The 42-year-old told reporters after last week's Humana Challenge he was considering making "drastic changes" because of spiking federal and state tax rates but on Tuesday he said he should have kept his thoughts to himself.
"Finances and taxes are a personal matter and I should not have made my opinions on them public," Mickelson said in a statement released by his management company.
"I apologize to those I have upset or insulted and assure you I intend to not let it happen again."
Mickelson, a 40-times winner on the PGA Tour, has piled up career earnings of more than $67 million and considerably more via corporate endorsements and his golf course design company.

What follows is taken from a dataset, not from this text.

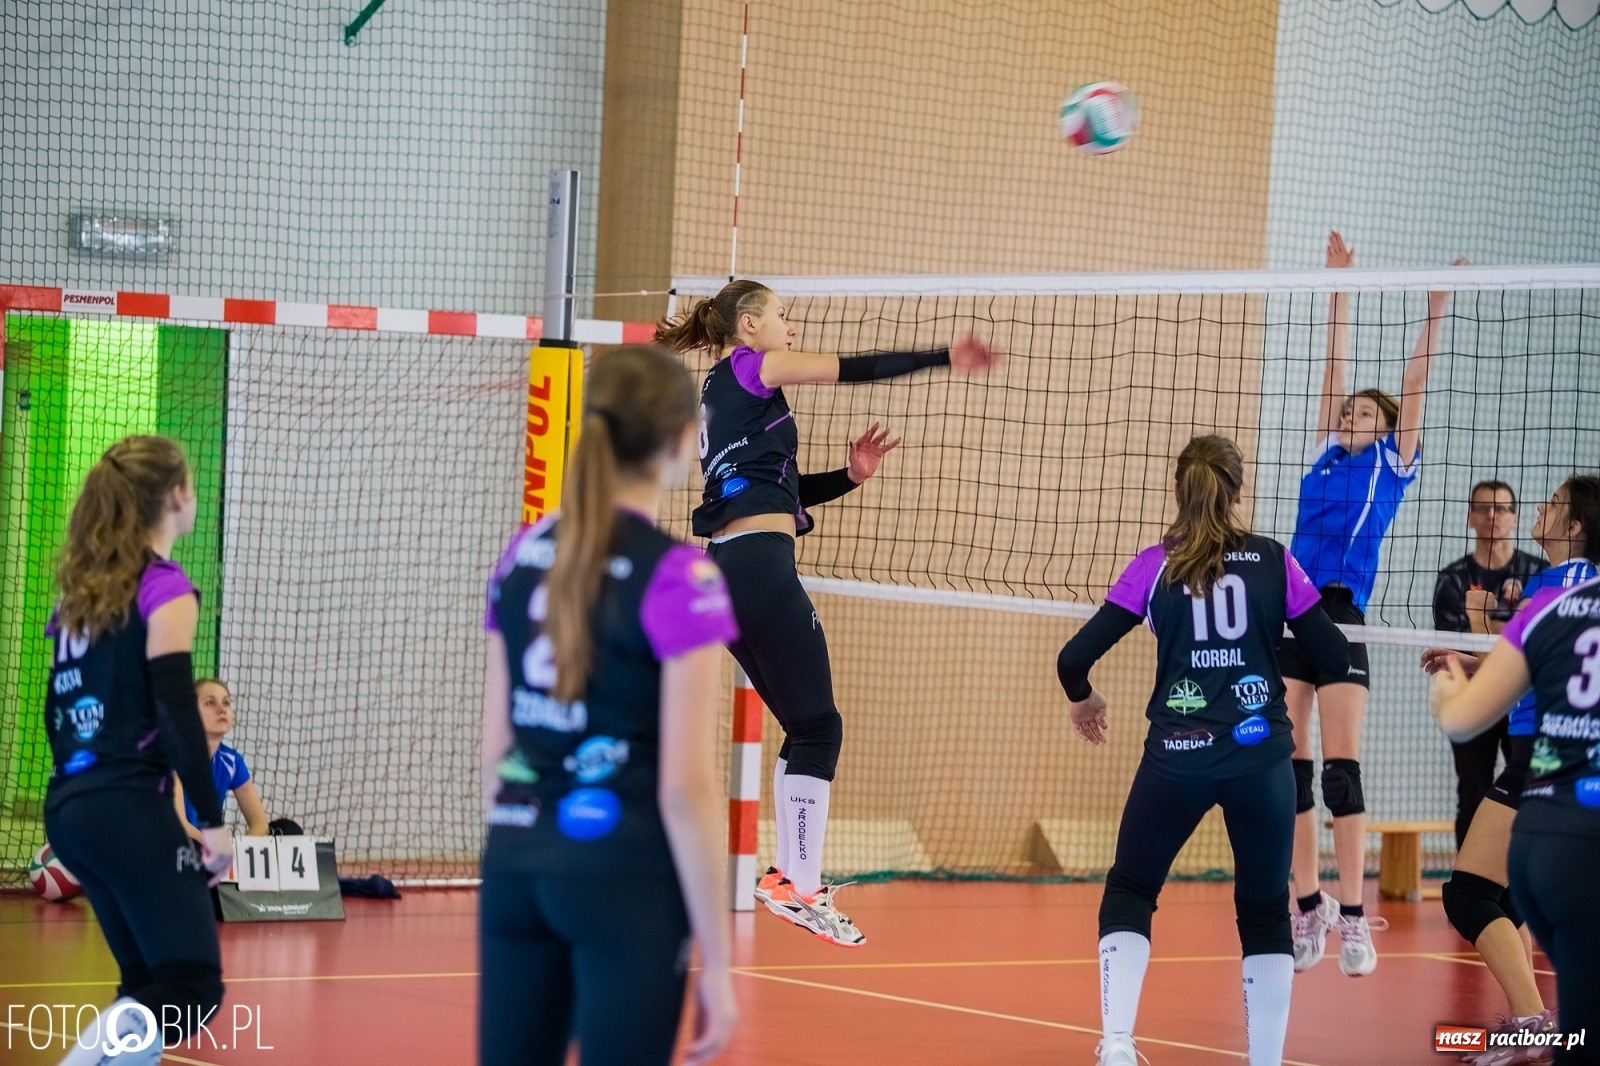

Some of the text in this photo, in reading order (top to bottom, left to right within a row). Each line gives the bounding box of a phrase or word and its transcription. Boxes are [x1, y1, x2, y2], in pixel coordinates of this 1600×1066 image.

According to Forbes magazine, the American left-hander earned $43 million in endorsements in 2012, second only to Tiger Woods among golfers and seventh among all athletes.
"Well, it's been an interesting off-season, and I'm going to have to make some drastic changes," Mickelson told reporters after tying for 37th place at 17 under at the Humana Challenge on Sunday in his first tournament of the season.
"I'm not going to jump the gun and do it right away, but I will be making some drastic changes. I happen to be in that zone that has been targeted both federally and by the state and it doesn't work for me right now."
California voters in November approved Proposition 30, which raised state income tax to 13.3 percent on earnings of $1 million or more, a 29.13 percent increase over the previous "millionaires" tax of 10.3 percent.
Mickelson will also be affected by the rise in the top bracket of the federal tax code where rates have gone up from 35 percent to 39.6.
Hinting that he might even leave his home state of California, Mickelson said on Sunday: "If you add up all the federal and you look at the disability and the unemployment and the Social Security and the state, my tax rate's 62, 63 percent, so I've got to make some decisions on what I'm going to do."
Asked whether his decision last month not to get involved with the new ownership group of the San Diego Padres baseball team had been linked to tax issues, he replied: "Absolutely."
Mickelson had planned to elaborate on his feelings during a news conference scheduled for Wednesday on the eve the Farmers Insurance Open at Torrey Pines, outside his native San Diego.
However, he decided to act earlier with a statement.
"I'm like many Americans who are trying to understand the new tax laws," Mickelson said. "I've been learning a lot over the last few months and talking with people who are trying to help me make intelligent and informed decisions.
"I certainly don't have a definitive plan at this time, but like everyone else I want to make decisions that are best for my future and my family.
"I absolutely love what I do. I love and appreciate the game of golf and the people who surround it. I'm as motivated as I've ever been to work on my game, to compete and to win championships."
Many PGA Tour professionals are based in either Florida or Texas, two states which do not charge state income tax.
Former world number one Woods, like Mickelson a native of Southern Californian, left his home state after turning professional in 1996 and relocated to Florida where he has remained ever since.
"Well, I moved out of here back in '96 for that reason," Woods said at Torrey Pines on Tuesday when asked by reporters for his reaction to Mickelson's comments about the high tax rates in California.
"I enjoy Florida, but also I understand what he was, I think, trying to say. I think he'll probably explain it better and in a little more detail."